Web sealing
Seal PDFs directly in your browser without uploading documents to Trusted Signatures servers. Use a test certificate, the Trusted Signatures certificate, or your organization certificate based on your subscription.
- No document upload
- Browser-based local sealing
- Test, Publisher, and Identity modes

Browser quickstart
Seal locally. Keep the PDF on the device.
Web sealing runs in the browser so the source PDF never leaves the local device. Trusted Signatures receives only the signing material needed to produce the seal, not the document itself.
~5m
time to first sealed PDF
Open Web sealing, choose a local PDF, and download the sealed result without standing up infrastructure.
0
document uploads required
The browser prepares the seal locally. Trusted Signatures does not receive the source PDF.
3
certificate modes
Test certificate, Trusted Signatures certificate, or your organization certificate depending on subscription.
1
shared Publisher subscription
The same Publisher subscription supports Web sealing, CLI, API, Cloud Connector, and Zapier usage.
Quick answer
Web sealing lets you seal PDFs directly in the browser and download the sealed result without uploading the document to Trusted Signatures servers. The PDF stays on the local device throughout the process.

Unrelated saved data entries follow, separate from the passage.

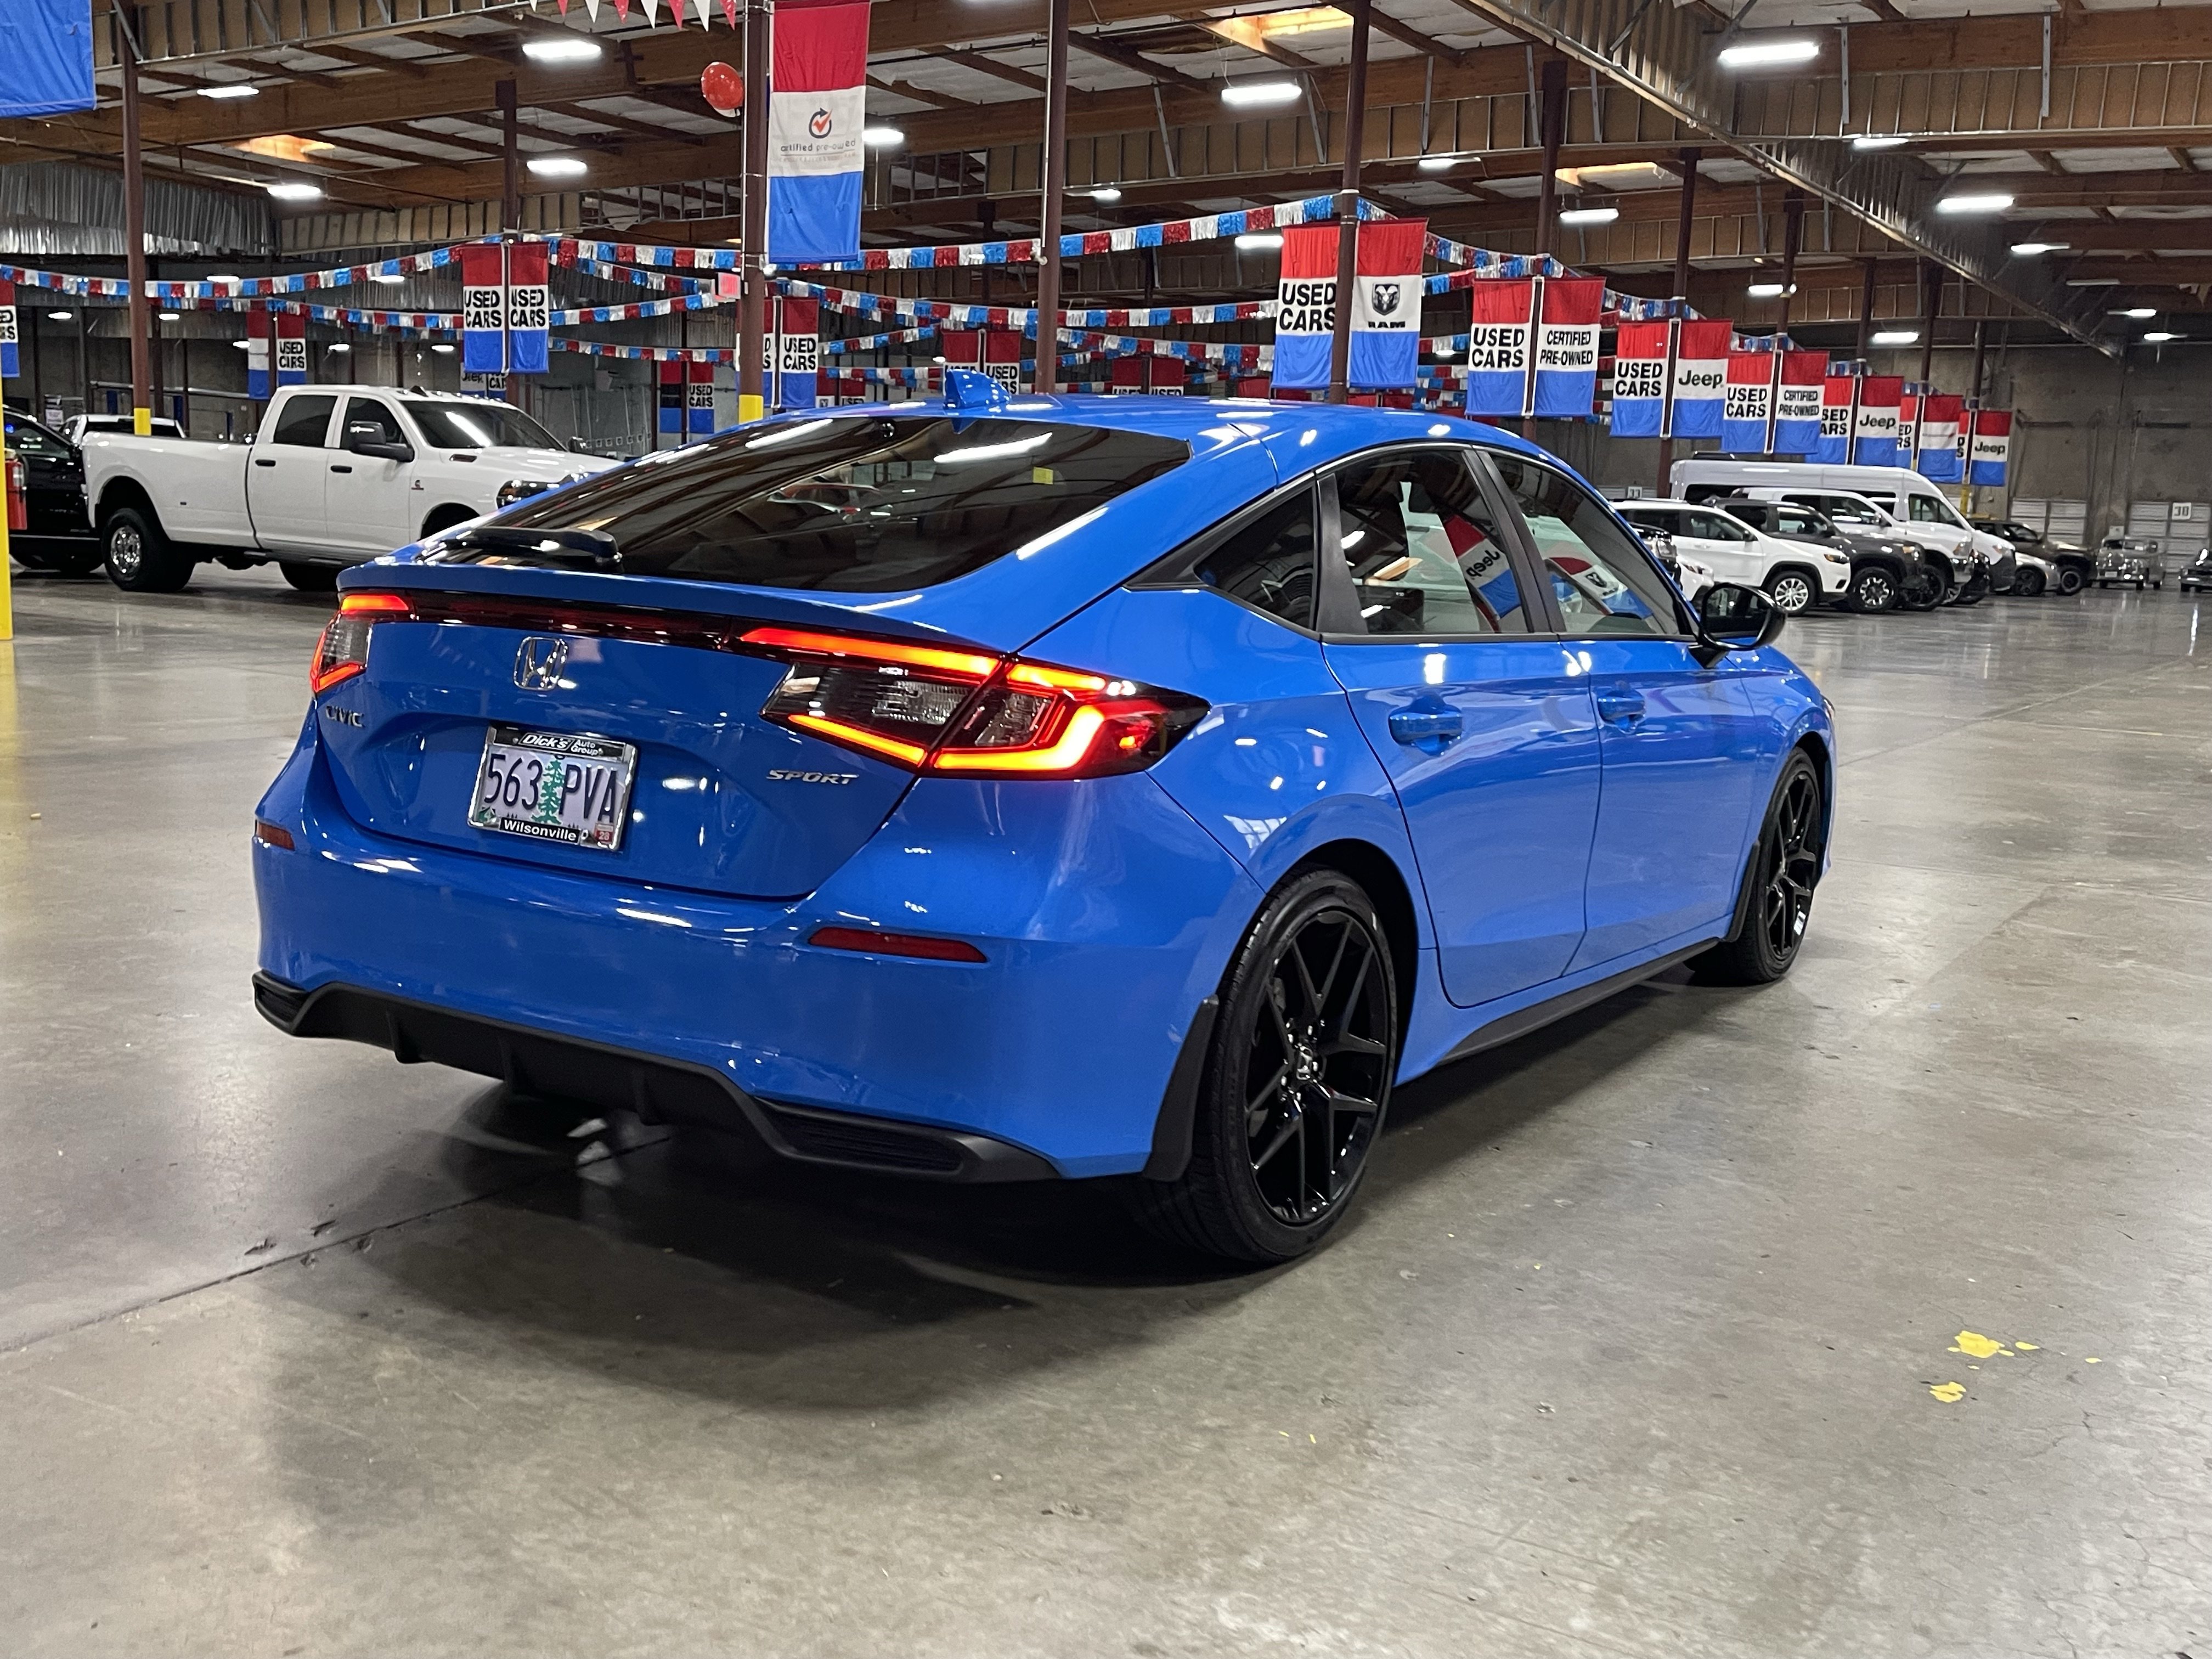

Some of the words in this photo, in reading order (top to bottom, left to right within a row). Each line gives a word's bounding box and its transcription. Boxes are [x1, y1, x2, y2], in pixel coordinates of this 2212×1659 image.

[465, 290, 500, 308] USED
[511, 289, 544, 307] USED
[1282, 283, 1336, 306] USED
[466, 310, 501, 328] CARS
[510, 309, 545, 327] CARS
[1279, 308, 1335, 331] CARS
[784, 337, 816, 353] USED
[1474, 328, 1524, 347] USED
[1547, 330, 1591, 346] CERTIFIED
[279, 341, 303, 354] USED
[783, 354, 816, 370] CARS
[1472, 348, 1523, 368] CARS
[1540, 349, 1593, 366] PRE-OWNED
[986, 365, 1018, 379] USED
[1618, 362, 1662, 379] USED
[1678, 370, 1723, 388] Jeep
[689, 385, 713, 395] USED
[1615, 380, 1661, 396] CARS
[1728, 387, 1767, 402] USED
[1784, 390, 1818, 401] CERTIFIED
[1726, 403, 1766, 417] CARS
[1779, 405, 1819, 416] PRE-OWNED
[1822, 409, 1848, 421] SED
[1821, 423, 1847, 435] ARS
[1860, 414, 1896, 430] Jeep
[1975, 442, 2005, 455] Jeep
[326, 706, 364, 727] CIVIC
[523, 735, 568, 748] Dick's
[574, 740, 595, 748] Auto
[571, 746, 599, 755] Group
[766, 770, 859, 784] SPORT
[484, 754, 543, 810] 563
[558, 764, 617, 822] PVA
[503, 820, 577, 841] Wilsonville

Open Web sealing now (requires free account)
No-upload architecture
Trusted Signatures never receives the source PDF during Web sealing. The browser handles the document locally and only sends the signing material required to produce the seal.
How Web sealing works
Step 1: Open Web sealing
Choose a PDF from your local device inside the browser-based sealing flow.

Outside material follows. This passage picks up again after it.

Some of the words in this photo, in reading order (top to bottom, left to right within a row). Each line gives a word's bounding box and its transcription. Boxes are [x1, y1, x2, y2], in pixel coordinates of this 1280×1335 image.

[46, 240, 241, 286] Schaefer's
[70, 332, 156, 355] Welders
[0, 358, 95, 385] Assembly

Step 2: Select certificate mode
Use a test certificate, the Trusted Signatures certificate, or your organization certificate depending on your plan.
Step 3: Download the sealed PDF
The browser applies the returned seal locally so you can save the completed PDF immediately.

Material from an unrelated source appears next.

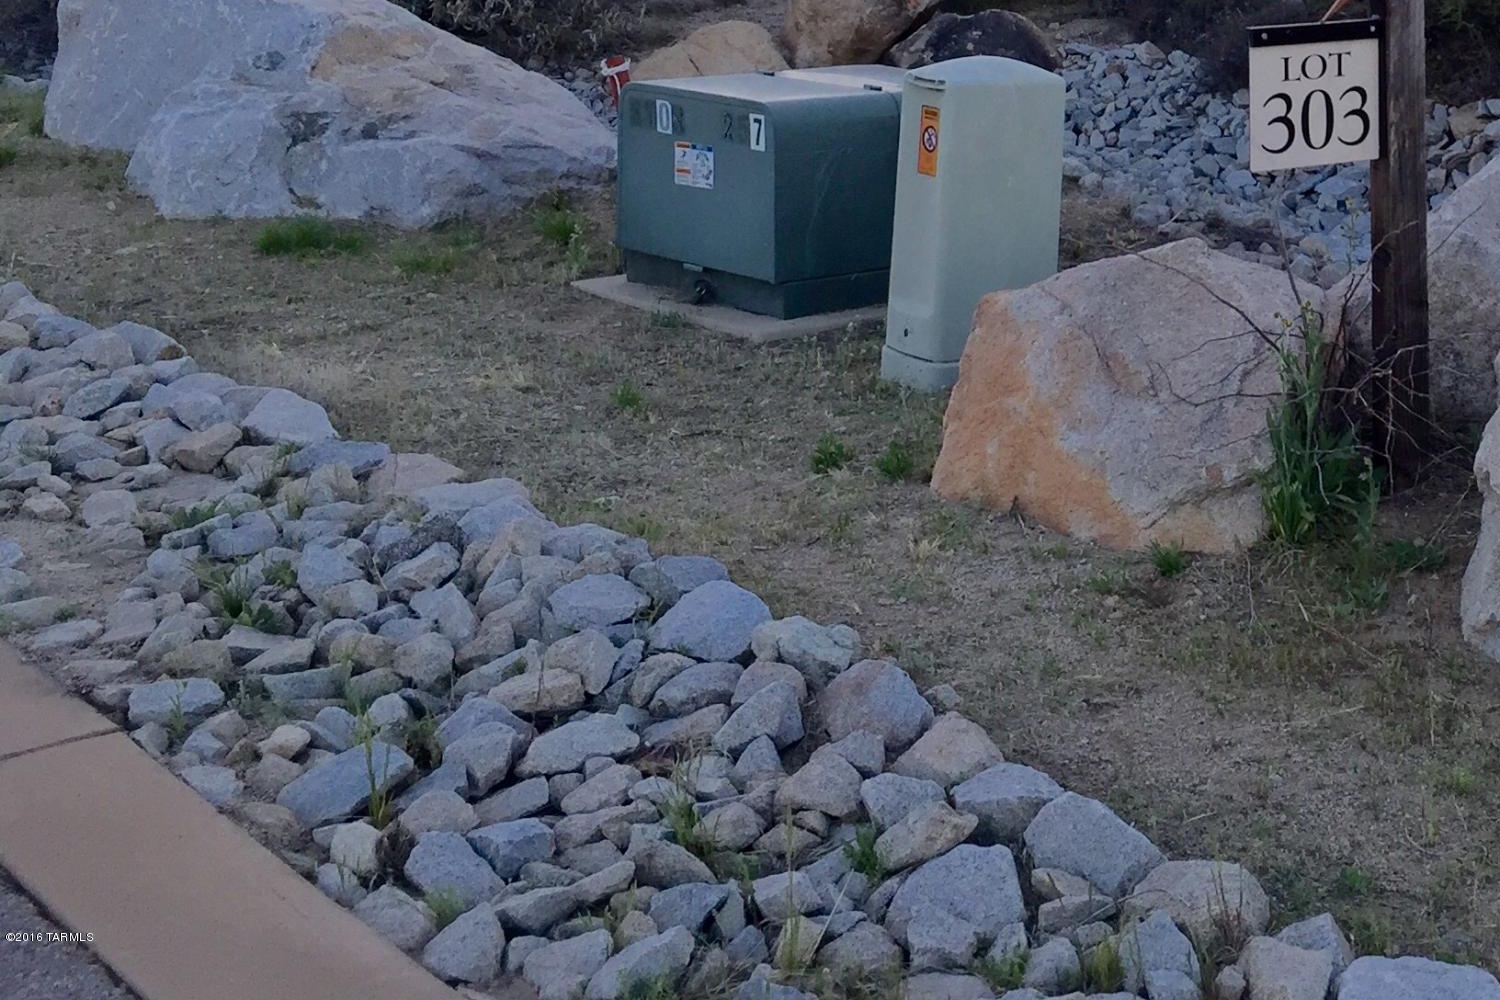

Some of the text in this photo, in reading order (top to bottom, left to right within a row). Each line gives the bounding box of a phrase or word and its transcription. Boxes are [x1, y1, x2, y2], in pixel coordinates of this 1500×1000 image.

[1280, 51, 1351, 82] LOT
[752, 117, 763, 147] 7
[1261, 85, 1371, 154] 303

Test the service with a free test certificate
If you do not have a subscription yet, you can still test Web sealing with a test certificate.
- Your PDF is sealed locally in the browser.
- The document is not uploaded to Trusted Signatures servers.
- The sealed PDF is useful for workflow testing, but it is not Adobe-verifiable.
- Acrobat will not show the blue seal for test-mode output.
Certificate modes
Test certificate
Available without a subscription. Use it to test the browser flow. Output is sealed but not Adobe-verifiable, and Acrobat does not show the blue seal.
Publisher certificate
Available with Publisher. The PDF is still sealed locally in the browser, and Acrobat shows Trusted Signatures as the sealer.
Publisher Identity certificate
Available with Publisher Identity. The PDF is still sealed locally in the browser, and Acrobat shows your company or organization as the sealer.
Subscription and pricing notes
Web sealing uses the same Publisher usage pricing as CLI and API sealing.
- One Publisher subscription supports Web sealing, CLI, API, Cloud Connector, and Zapier usage.
- If you add Publisher Identity, you can choose your organization certificate in the same browser-based flow.
- You do not need a separate browser-only subscription.
When to use Web sealing
- Use it for the fastest no-upload path to a sealed PDF.
- Use it when a user needs to seal a document manually from the browser without standing up automation.
- Use it when you want to prove the local-document trust model before integrating API, CLI, or workflow automation.